> Your objective: Restate all of the material, keeping every line identical to the original.

> Data records:
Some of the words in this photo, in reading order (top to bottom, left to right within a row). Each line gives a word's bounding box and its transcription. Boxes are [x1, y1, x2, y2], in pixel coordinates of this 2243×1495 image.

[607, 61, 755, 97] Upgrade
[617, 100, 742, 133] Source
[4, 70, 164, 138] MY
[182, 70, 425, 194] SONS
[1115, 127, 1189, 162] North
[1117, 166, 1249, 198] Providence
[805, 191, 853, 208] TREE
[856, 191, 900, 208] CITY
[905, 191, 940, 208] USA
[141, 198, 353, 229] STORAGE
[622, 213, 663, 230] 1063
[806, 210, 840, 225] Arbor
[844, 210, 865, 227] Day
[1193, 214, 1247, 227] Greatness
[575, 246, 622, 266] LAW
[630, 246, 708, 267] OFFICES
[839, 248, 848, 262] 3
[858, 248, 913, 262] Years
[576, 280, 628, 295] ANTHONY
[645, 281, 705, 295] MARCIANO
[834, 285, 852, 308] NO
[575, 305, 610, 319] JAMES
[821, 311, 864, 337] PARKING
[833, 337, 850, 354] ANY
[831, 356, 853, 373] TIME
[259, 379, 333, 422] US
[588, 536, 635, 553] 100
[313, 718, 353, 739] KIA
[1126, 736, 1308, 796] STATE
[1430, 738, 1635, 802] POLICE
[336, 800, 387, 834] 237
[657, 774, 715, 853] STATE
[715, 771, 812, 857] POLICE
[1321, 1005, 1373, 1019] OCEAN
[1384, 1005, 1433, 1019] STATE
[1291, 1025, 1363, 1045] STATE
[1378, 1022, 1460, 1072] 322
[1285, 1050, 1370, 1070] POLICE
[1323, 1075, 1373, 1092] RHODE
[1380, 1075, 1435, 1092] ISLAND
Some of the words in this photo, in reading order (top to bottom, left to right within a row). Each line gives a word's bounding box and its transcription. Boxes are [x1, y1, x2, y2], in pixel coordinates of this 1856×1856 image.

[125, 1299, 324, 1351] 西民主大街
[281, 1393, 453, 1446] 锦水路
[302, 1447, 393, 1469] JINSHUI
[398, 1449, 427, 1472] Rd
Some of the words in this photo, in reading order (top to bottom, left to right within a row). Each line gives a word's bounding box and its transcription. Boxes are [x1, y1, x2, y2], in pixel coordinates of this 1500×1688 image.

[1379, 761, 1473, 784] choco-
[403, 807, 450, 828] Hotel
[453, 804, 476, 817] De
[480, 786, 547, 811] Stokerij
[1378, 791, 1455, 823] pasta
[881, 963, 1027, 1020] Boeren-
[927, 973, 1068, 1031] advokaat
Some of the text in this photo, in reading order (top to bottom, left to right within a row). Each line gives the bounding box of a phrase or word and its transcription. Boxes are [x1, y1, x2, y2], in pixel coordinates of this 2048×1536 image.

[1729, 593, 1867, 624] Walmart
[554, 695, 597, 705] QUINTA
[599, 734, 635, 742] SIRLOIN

> Your solution:
Some of the words in this photo, in reading order (top to bottom, left to right within a row). Each line gives a word's bounding box and its transcription. Boxes are [x1, y1, x2, y2], in pixel coordinates of this 2243×1495 image.

[607, 61, 755, 97] Upgrade
[617, 100, 742, 133] Source
[4, 70, 164, 138] MY
[182, 70, 425, 194] SONS
[1115, 127, 1189, 162] North
[1117, 166, 1249, 198] Providence
[805, 191, 853, 208] TREE
[856, 191, 900, 208] CITY
[905, 191, 940, 208] USA
[141, 198, 353, 229] STORAGE
[622, 213, 663, 230] 1063
[806, 210, 840, 225] Arbor
[844, 210, 865, 227] Day
[1193, 214, 1247, 227] Greatness
[575, 246, 622, 266] LAW
[630, 246, 708, 267] OFFICES
[839, 248, 848, 262] 3
[858, 248, 913, 262] Years
[576, 280, 628, 295] ANTHONY
[645, 281, 705, 295] MARCIANO
[834, 285, 852, 308] NO
[575, 305, 610, 319] JAMES
[821, 311, 864, 337] PARKING
[833, 337, 850, 354] ANY
[831, 356, 853, 373] TIME
[259, 379, 333, 422] US
[588, 536, 635, 553] 100
[313, 718, 353, 739] KIA
[1126, 736, 1308, 796] STATE
[1430, 738, 1635, 802] POLICE
[336, 800, 387, 834] 237
[657, 774, 715, 853] STATE
[715, 771, 812, 857] POLICE
[1321, 1005, 1373, 1019] OCEAN
[1384, 1005, 1433, 1019] STATE
[1291, 1025, 1363, 1045] STATE
[1378, 1022, 1460, 1072] 322
[1285, 1050, 1370, 1070] POLICE
[1323, 1075, 1373, 1092] RHODE
[1380, 1075, 1435, 1092] ISLAND
Some of the words in this photo, in reading order (top to bottom, left to right within a row). Each line gives a word's bounding box and its transcription. Boxes are [x1, y1, x2, y2], in pixel coordinates of this 1856×1856 image.

[125, 1299, 324, 1351] 西民主大街
[281, 1393, 453, 1446] 锦水路
[302, 1447, 393, 1469] JINSHUI
[398, 1449, 427, 1472] Rd
Some of the words in this photo, in reading order (top to bottom, left to right within a row). Each line gives a word's bounding box and its transcription. Boxes are [x1, y1, x2, y2], in pixel coordinates of this 1500×1688 image.

[1379, 761, 1473, 784] choco-
[403, 807, 450, 828] Hotel
[453, 804, 476, 817] De
[480, 786, 547, 811] Stokerij
[1378, 791, 1455, 823] pasta
[881, 963, 1027, 1020] Boeren-
[927, 973, 1068, 1031] advokaat
Some of the text in this photo, in reading order (top to bottom, left to right within a row). Each line gives the bounding box of a phrase or word and its transcription. Boxes are [x1, y1, x2, y2], in pixel coordinates of this 2048×1536 image.

[1729, 593, 1867, 624] Walmart
[554, 695, 597, 705] QUINTA
[599, 734, 635, 742] SIRLOIN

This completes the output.